I've lived near Atlanta, near Houston, and near Starkville in my life. The family land in Mississippi was the most swampy, but I certainly never encountered anything more dangerous than an alligator. Well, actually, I suppose a cottonmouth is more dangerous, even if it can be killed by a farm cat easily. I have seen black bears while touring around Blue Ridge Parkway, but we didn't get them on our land.

Anyway, mountain lions live in America's deserts. And forests, swamps, mountains, wherever people haven't wiped them out. They're not really bigger or stronger than a man in decent shape, not like a jaguar is.

Humans mainly evolved to endure extreme heat and run down prey over long distances. Intelligence is just a happy side effect of efficient predators. Compared to a Neanderthal, well, the Sabretooths have taken a similar evolutionary direction. Everything is a bit smaller, not just humans. We didn't really trade anything for our intelligence. The human body can pack a good amount of muscle, so an animal really has to be as big or bigger to beat a human.

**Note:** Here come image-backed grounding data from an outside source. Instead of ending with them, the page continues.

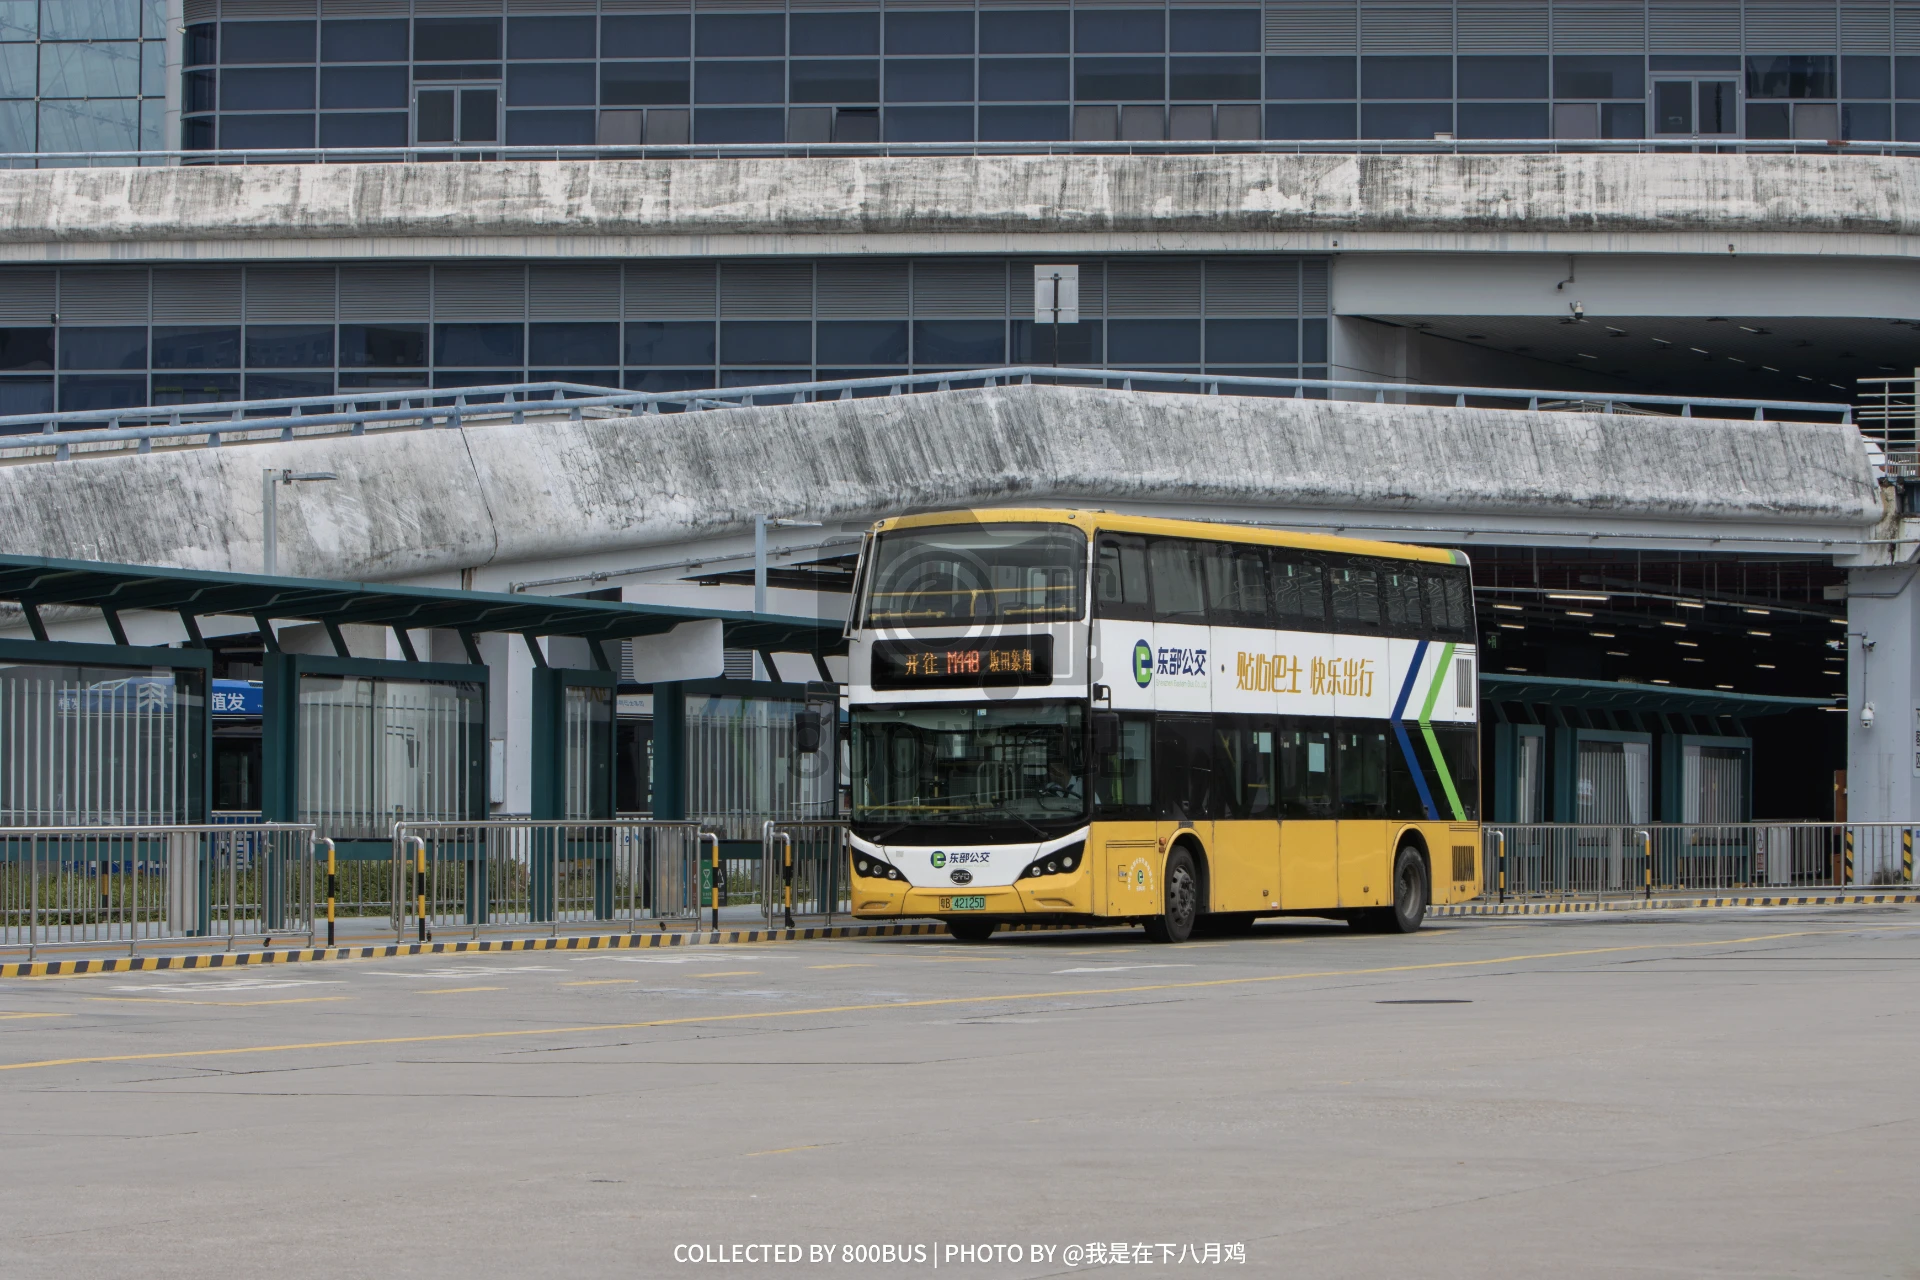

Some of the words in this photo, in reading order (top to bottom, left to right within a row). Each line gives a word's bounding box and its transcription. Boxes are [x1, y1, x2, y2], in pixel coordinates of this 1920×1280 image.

[905, 652, 939, 675] 开往
[947, 650, 980, 674] M448
[1156, 646, 1207, 676] 东部公交
[1236, 650, 1303, 694] 贴心巴士
[1309, 654, 1374, 698] 快乐出行
[212, 692, 246, 711] 植发
[949, 852, 991, 864] 东部公交

Naturally, for the stereotypical 90 lbs weakling that's laughed at by jockeys, it would seem like most things could kill a human, but I think most people even in this relaxed society still have a bit more brawn than that.

But yeah, alligators are just food for bigger creatures, like us. But, of course, someone unfit and incautious can always find some way to get killed.

Edit: Actually, I did look up a bit about alligators. Apparently, they can be much bigger farther south from where I lived in Mississippi. They can certainly take on a human if they're big enough, I'll give you that.


Yeah... a 12-footer can weigh close to half ton. The fact that they have strong jaws, low center of gravity and slide down an embankment after grabbing you... There isn't much you can do to fight back. Jamming something into its eye can help, but you better get it in there before the death rolls start. That's when things start coming off.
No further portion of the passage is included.